En la confluencia de la avenida del Rey Jorge V con la de Jafa, una de las encrucijadas más animadas de Jerusalén, un estudiante arrastró a sus camaradas por la mano y se puso en cabeza de una farándula que hizo girar en mitad de la calzada. Prisionero en el círculo, Uri Avner se dio cuenta que bailaba una hora por primera vez en su vida.
Otros jóvenes, subidos en un camión provisto de un altavoz, recorrían las calles para invitar a la población a manifestar su alegría. Les interceptó el paso un vehículo blindado británico. Pero pronto dio media vuelta para seguirlos y aportar el concurso de su altavoz al del camión judío. Miembro de la milicia judía, Reuven Tamir corrió a reunirse con la multitud. En la calle Ben Yehudá encontró a unos amigos. En su euforia, forzaron la puerta de un quiosco de bebidas refrescantes y golosinas. Lo estaban desvalijando cuando el propietario llegó vociferando. Pero al darse cuenta, súbitamente, de que aquel día todo pertenecía a todo el mundo, el comerciante continuó por sí mismo la distribución. Un grupo pasó ante el quiosco. Unos jóvenes llevaban en triunfo a un policía judío de la fuerza pública británica, gritando:
—¡Será nuestro primer ministro del Interior! Tamir aplaudió con fuerza y corrió a mezclarse en el grupo. Era a su padre al que aclamaban.
En el centro de la ciudad, todos los cafés y restaurantes estaban atestados. Los dueños ofrecían una ronda general. El depositario de los vinos «Carmel Mizrahi» hizo rodar por medio de la calzada un enorme barril de vino tinto, entre la alegría de la multitud. En el barrio ultrarreligioso de Mea Shearim, los alumnos de las escuelas talmudistas ayudaban a su rabino a repartir tragos de coñac a todos los que pasaban.
—¡Le Chayim! (¡Por la vida!) —exclamaban levantando sus vasos.

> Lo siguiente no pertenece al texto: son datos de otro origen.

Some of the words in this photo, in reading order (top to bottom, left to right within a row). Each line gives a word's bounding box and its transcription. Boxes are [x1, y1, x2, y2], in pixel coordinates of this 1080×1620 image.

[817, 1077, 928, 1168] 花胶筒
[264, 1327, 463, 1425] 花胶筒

Los conductores de autobús corrieron a buscar sus vehículos para transportar gratuitamente hacia el centro a sus conciudadanos de los barrios periféricos. A las dos de la madrugada, millares de judíos, desbordantes de alegría, habían invadido el corazón de Jerusalén. En cada confluencia, jóvenes exultantes de alegría bailaban horas desenfrenadas. Enlazados en interminables cadenas, otros desfilaban por las calles cantando la Hatikvah, el himno sionista. En ruso, checo, alemán, húngaro, yiddish, hebreo, en casi todas las lenguas, los viejos cantos de los pioneros del sionismo ascendían en la noche. Desconocidos se estrechaban y abrazaban.

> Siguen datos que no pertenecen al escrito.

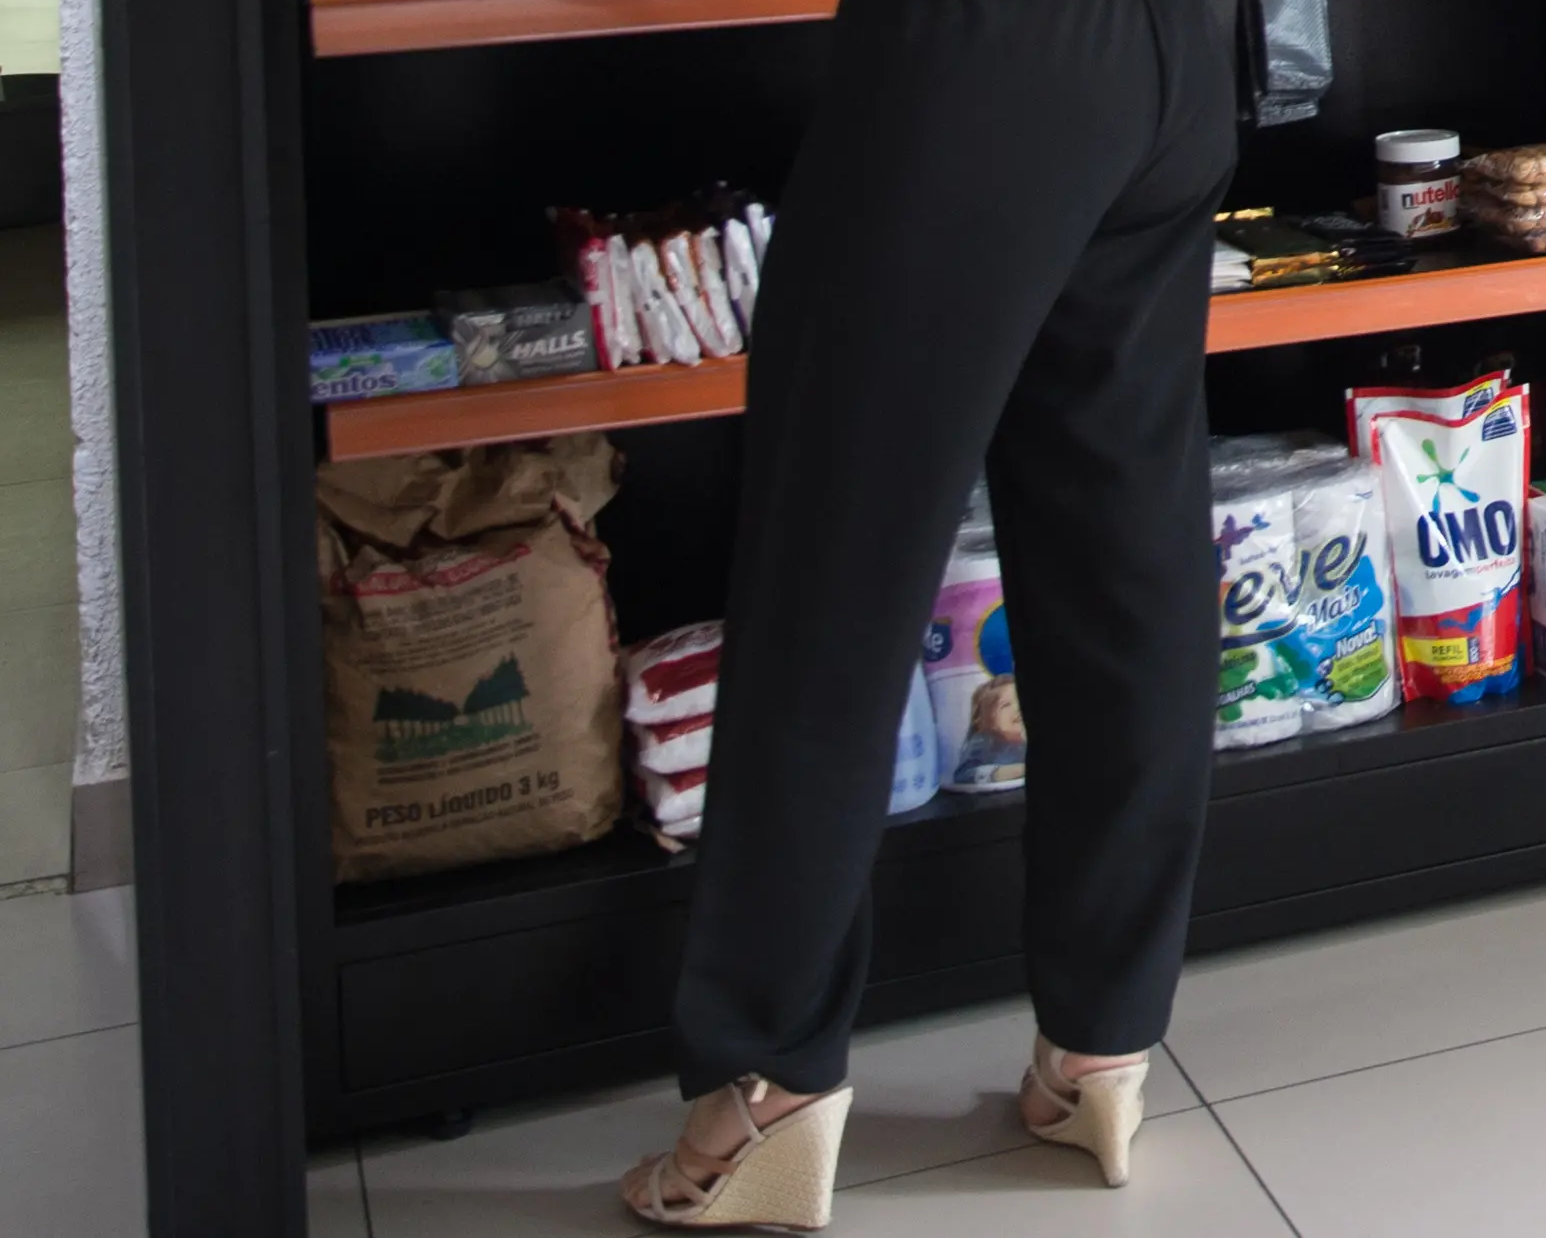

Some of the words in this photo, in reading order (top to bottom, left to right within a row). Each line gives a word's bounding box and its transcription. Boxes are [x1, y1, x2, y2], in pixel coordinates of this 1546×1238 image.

[511, 329, 588, 361] HALLS
[311, 368, 397, 398] entos
[1416, 499, 1517, 569] OMO
[1223, 531, 1368, 627] eve
[365, 803, 422, 829] PESO
[429, 783, 513, 820] LÍQUIDO
[518, 775, 531, 795] 3
[536, 770, 560, 791] kg
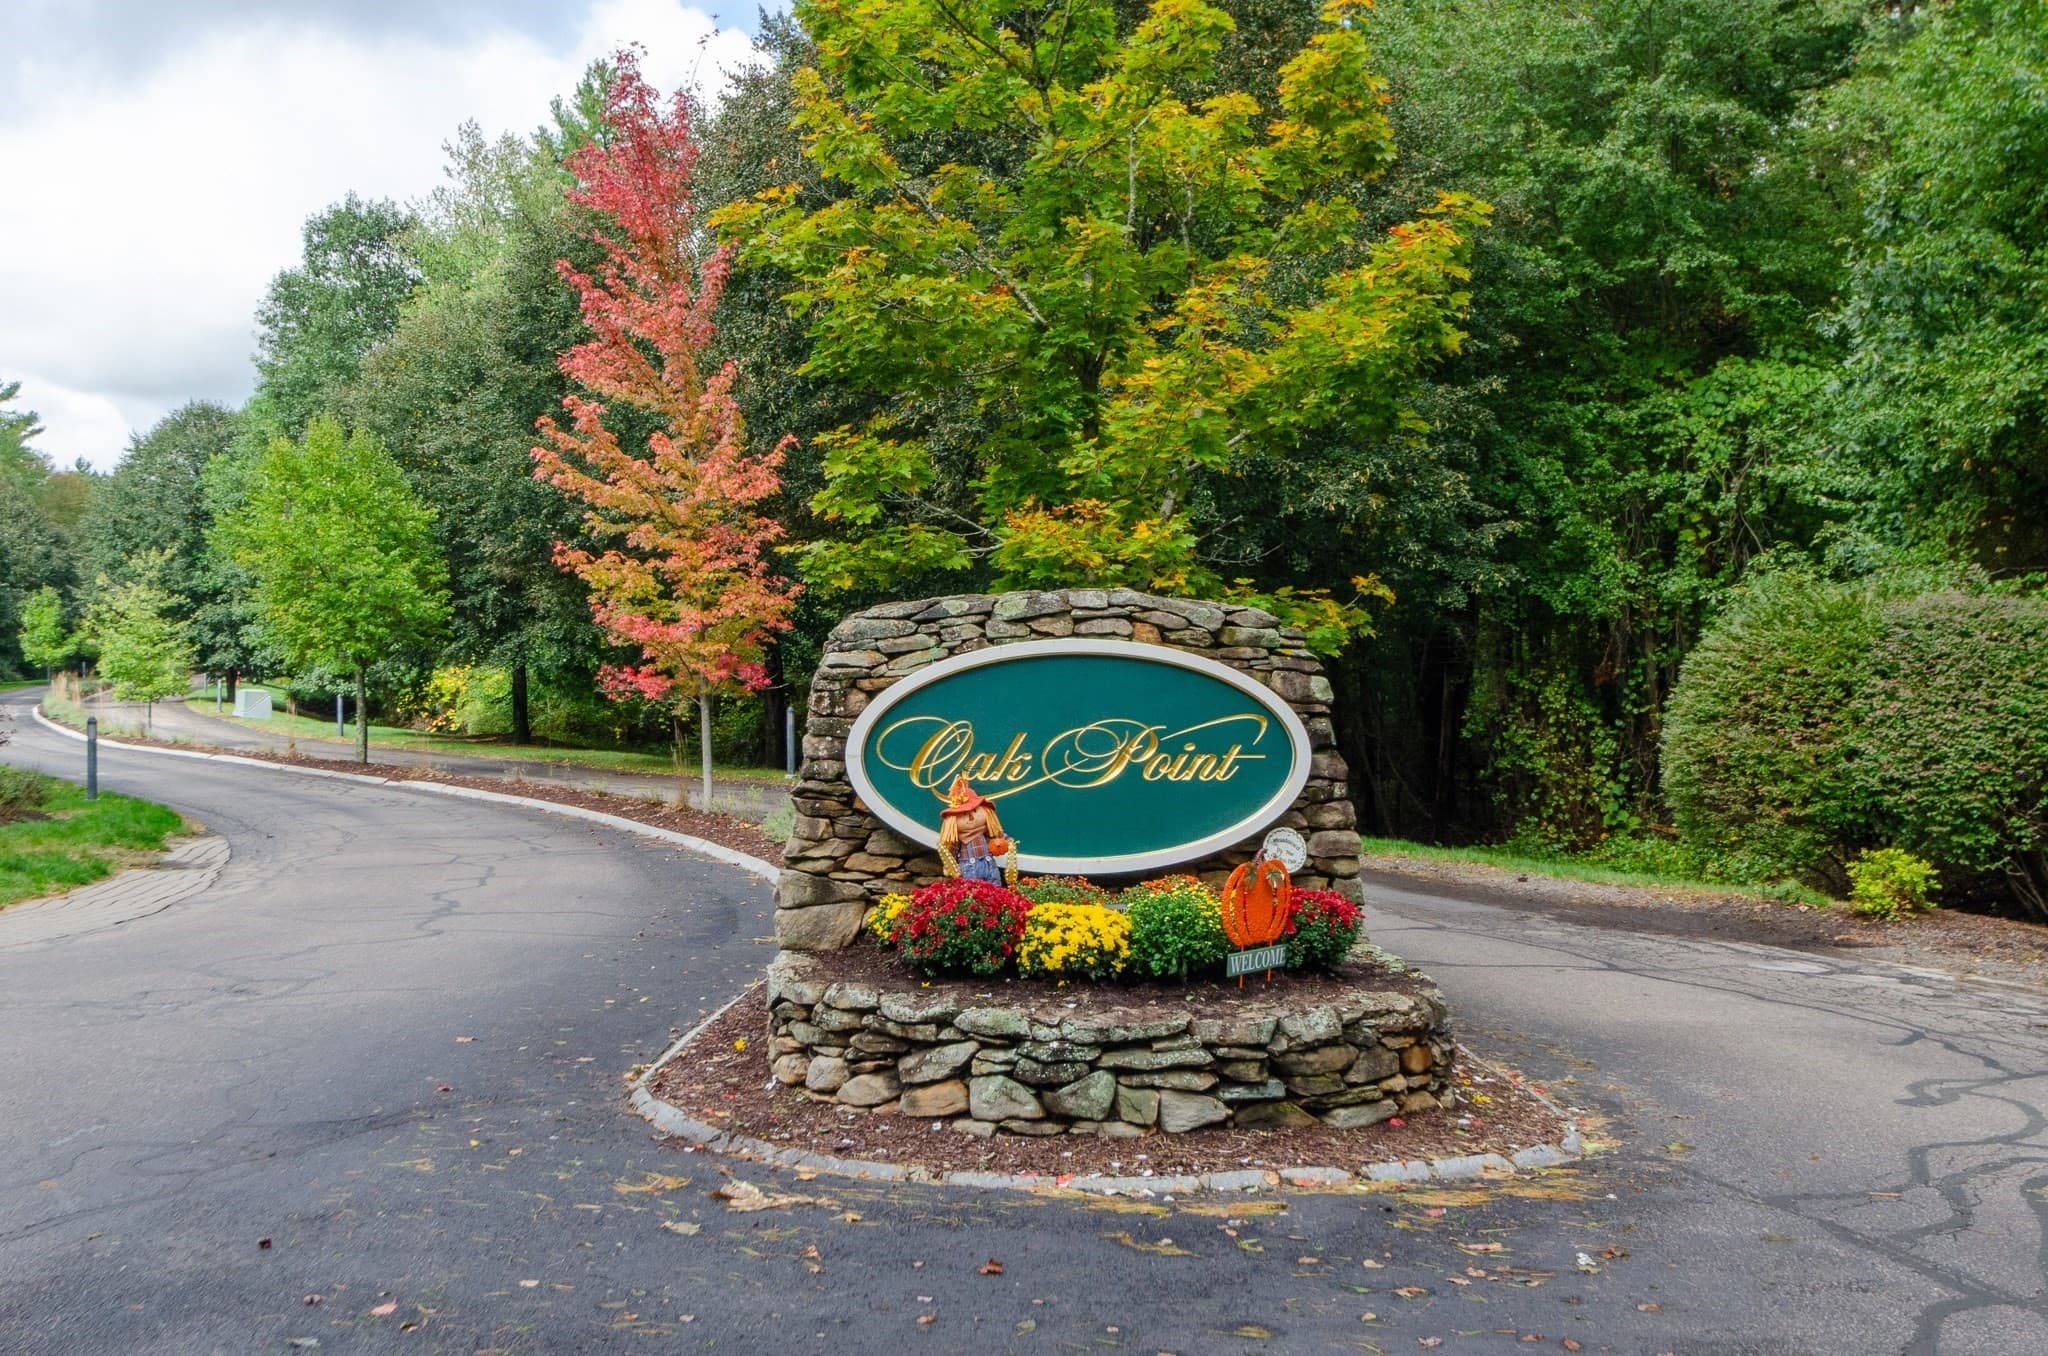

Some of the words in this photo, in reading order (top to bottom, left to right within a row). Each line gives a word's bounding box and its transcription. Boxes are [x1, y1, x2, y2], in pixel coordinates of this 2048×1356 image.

[876, 716, 1032, 802] Oak
[1042, 714, 1267, 788] Point
[1231, 947, 1286, 973] WELCOME

Hasta los ingleses se unieron a la fiesta. En su carrera, Jacob Salamon, oficial de la «Haganah», cayó sobre un vehículo blindado británico. Palideció de terror. La cantimplora trucada que pendía de su cintura contenía dos granadas y una pistola, lo cual podría haberlo llevado a prisión para siempre. Vio entonces a un grupo de jóvenes detener el vehículo y trepar a él para abrazar a los policías, entre grandes risas. Estupefactos al principio, los ingleses se pusieron a reír a su vez y a abrazar a los judíos. Vuelto en sí de su espanto, Salamon comprobó que era la primera vez que los ingleses compartían la felicidad de los judíos.

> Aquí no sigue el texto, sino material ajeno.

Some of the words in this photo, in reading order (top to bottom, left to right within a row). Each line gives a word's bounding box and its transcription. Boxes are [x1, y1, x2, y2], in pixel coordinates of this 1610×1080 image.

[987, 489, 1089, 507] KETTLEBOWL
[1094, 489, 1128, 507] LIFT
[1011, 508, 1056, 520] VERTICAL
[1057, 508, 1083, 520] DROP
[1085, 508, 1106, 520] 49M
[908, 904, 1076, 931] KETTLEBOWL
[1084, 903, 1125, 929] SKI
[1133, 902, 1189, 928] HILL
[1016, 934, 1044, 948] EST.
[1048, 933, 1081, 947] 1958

En otra parte, otro vehículo blindado maniobró ante los edificios de la «Agencia Judía», con su torreta cubierta por un grupo humano que cantaba la Hatikvah, y su cañón, adornado con una gran bandera judía. La alegría era tan contagiosa, que varios soldados ingleses hurgaron en sus bolsillos para arrojar algunos chelines en los cepillos de los recolectores del Fondo nacional judío, que mostraban en seguida el emblema azul pálido en el dorso de su uniforme. Antes de beberse el tercio de la botella de coñac que le ofrecía el rabino Spicehandler, un soldado gritó alegremente:
—¡Vivan los judíos!
Mucho antes del alba, toda la Jerusalén judía estaba despierta y manifestaba su alegría. Las sinagogas abrieron sus puertas a las tres de la madrugada y fueron inmediatamente invadidas por multitudes agradecidas. Hasta los judíos más agnósticos tenían aquella noche la impresión de sentir sobre ellos la mano de Dios.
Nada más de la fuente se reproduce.